Each line below should be retyped exactly, with no pictures.

.....

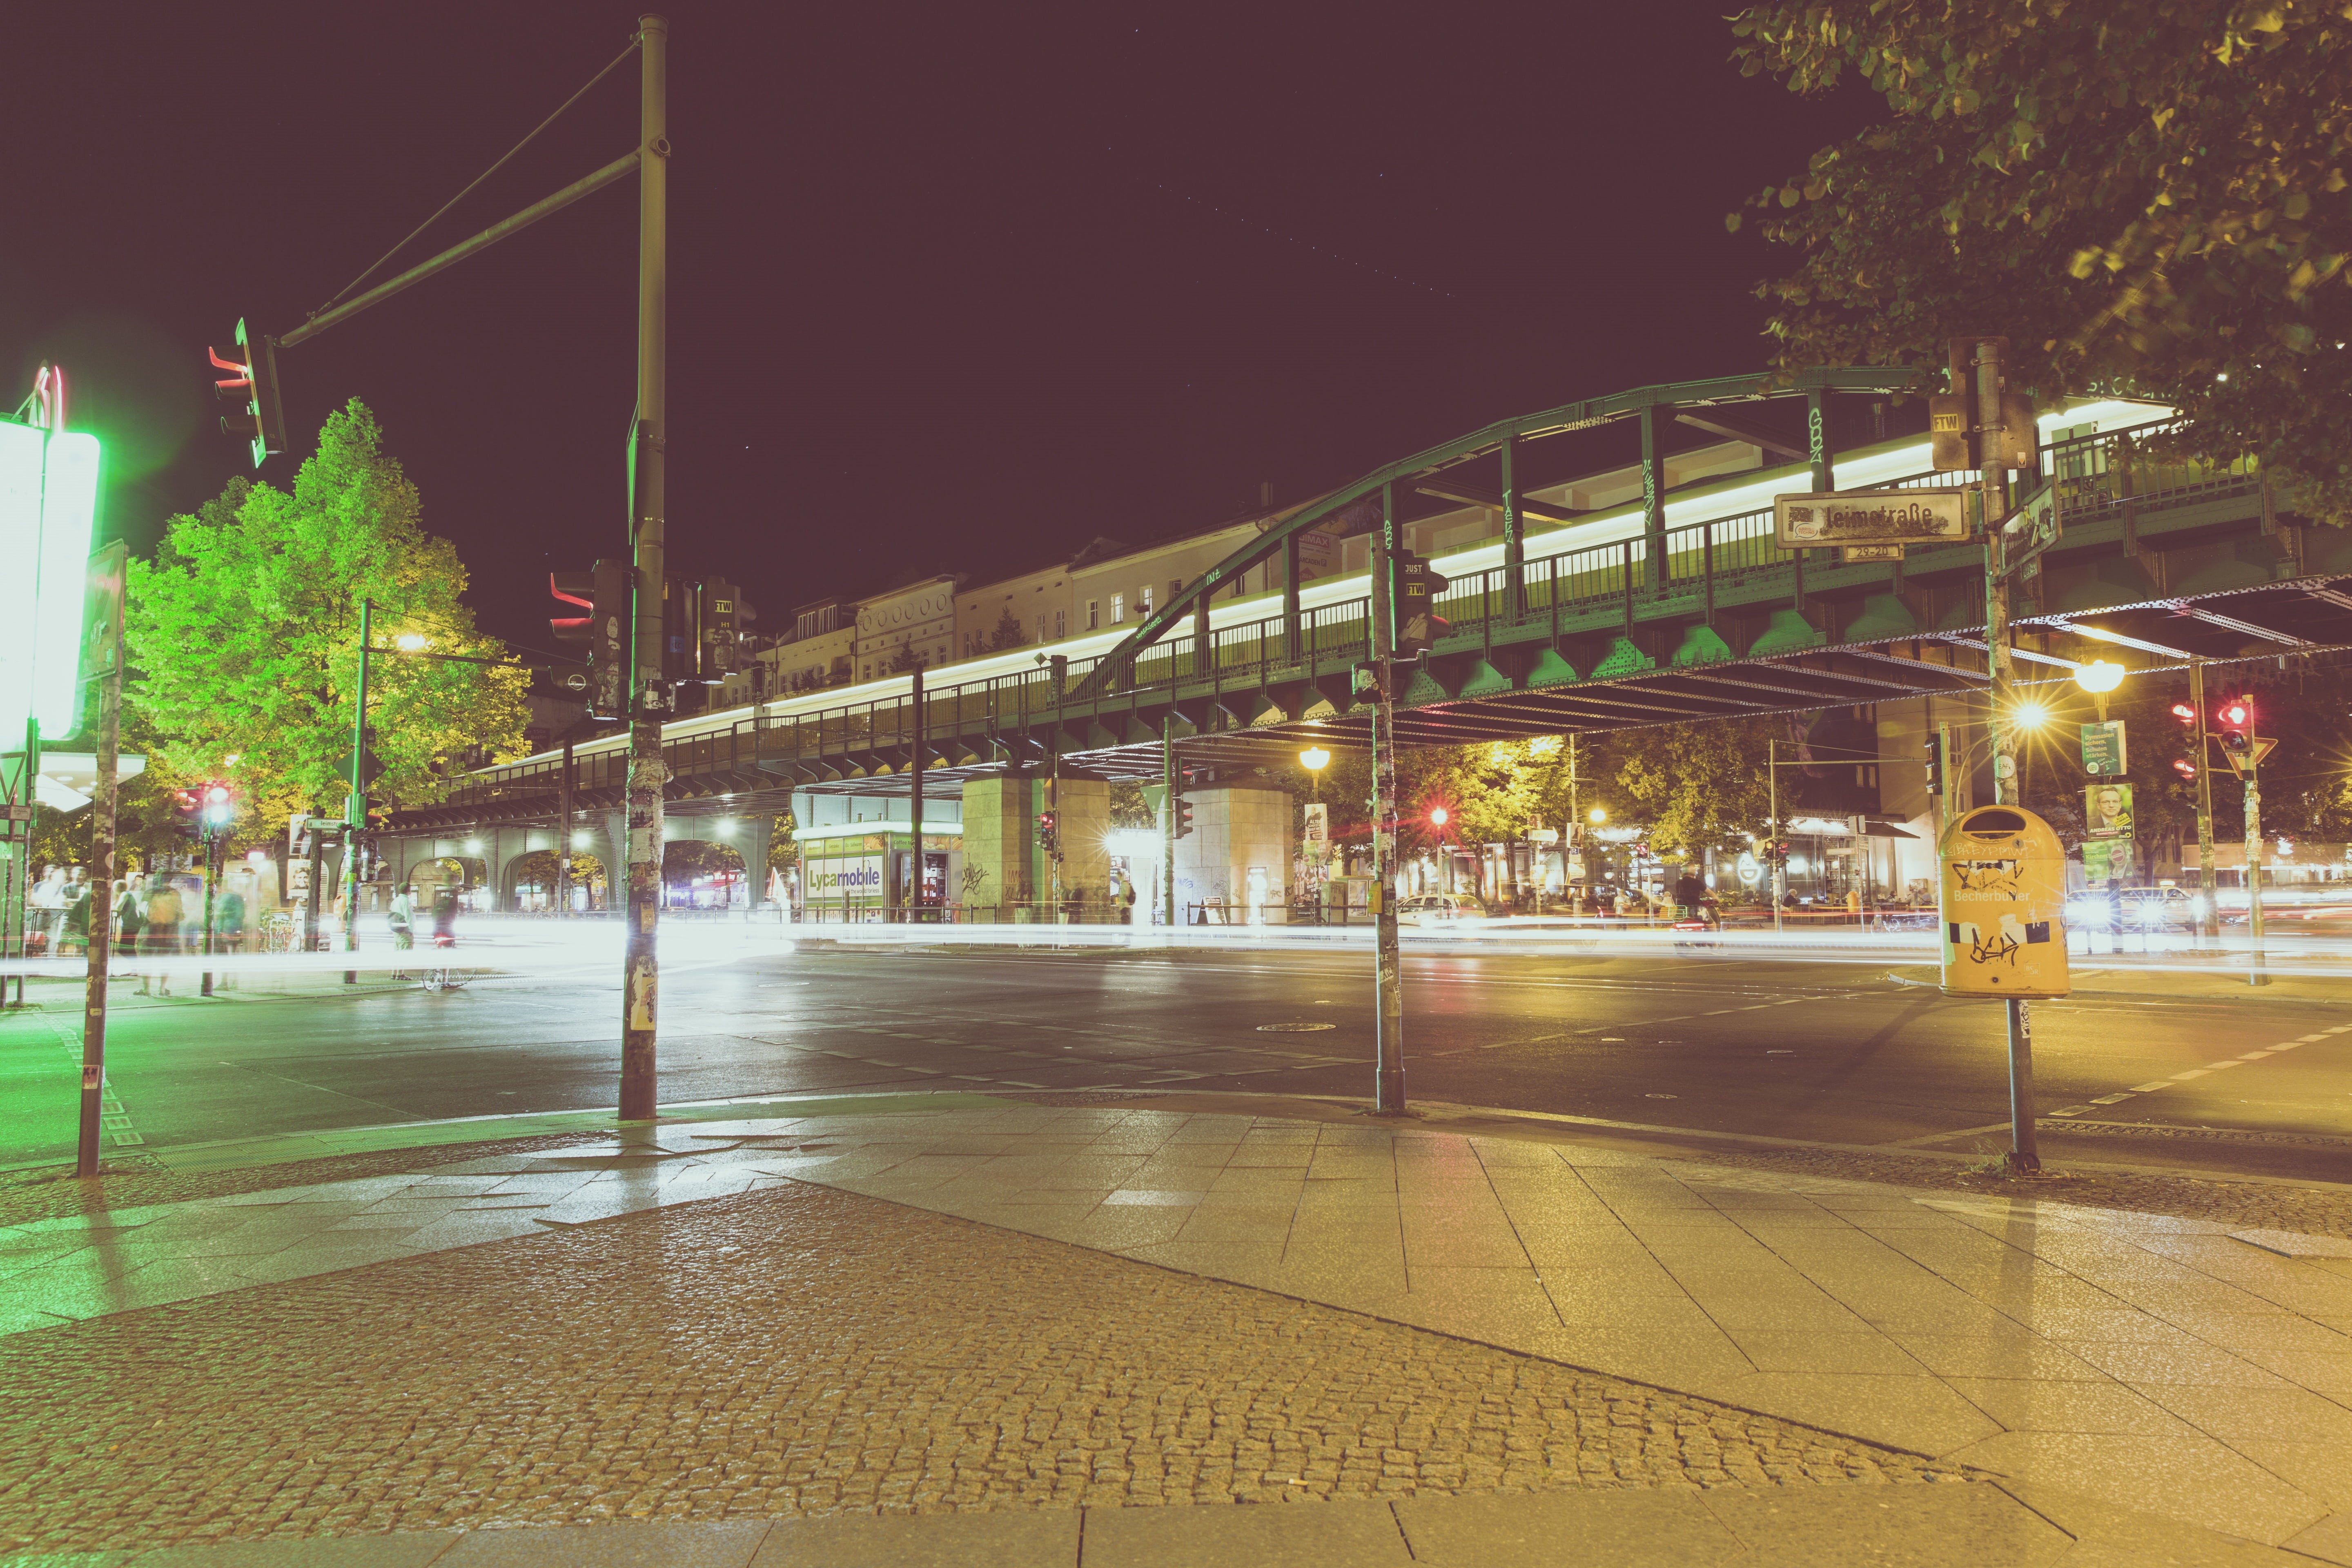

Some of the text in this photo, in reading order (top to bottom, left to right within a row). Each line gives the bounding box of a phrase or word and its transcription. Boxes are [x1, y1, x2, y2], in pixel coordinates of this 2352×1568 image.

[1934, 416, 1957, 429] FTW
[1816, 503, 1932, 528] leimstraße
[1857, 547, 1888, 557] 29-20
[1407, 584, 1423, 594] FTW
[715, 601, 731, 611] FTW
[810, 866, 880, 891] Lycamobile
[1954, 890, 2031, 902] Becherbuer

.....

(Solution to the problem)
Some of the text in this photo, in reading order (top to bottom, left to right within a row). Each line gives the bounding box of a phrase or word and its transcription. Boxes are [x1, y1, x2, y2], in pixel coordinates of this 2352×1568 image.

[1934, 416, 1957, 429] FTW
[1816, 503, 1932, 528] leimstraße
[1857, 547, 1888, 557] 29-20
[1407, 584, 1423, 594] FTW
[715, 601, 731, 611] FTW
[810, 866, 880, 891] Lycamobile
[1954, 890, 2031, 902] Becherbuer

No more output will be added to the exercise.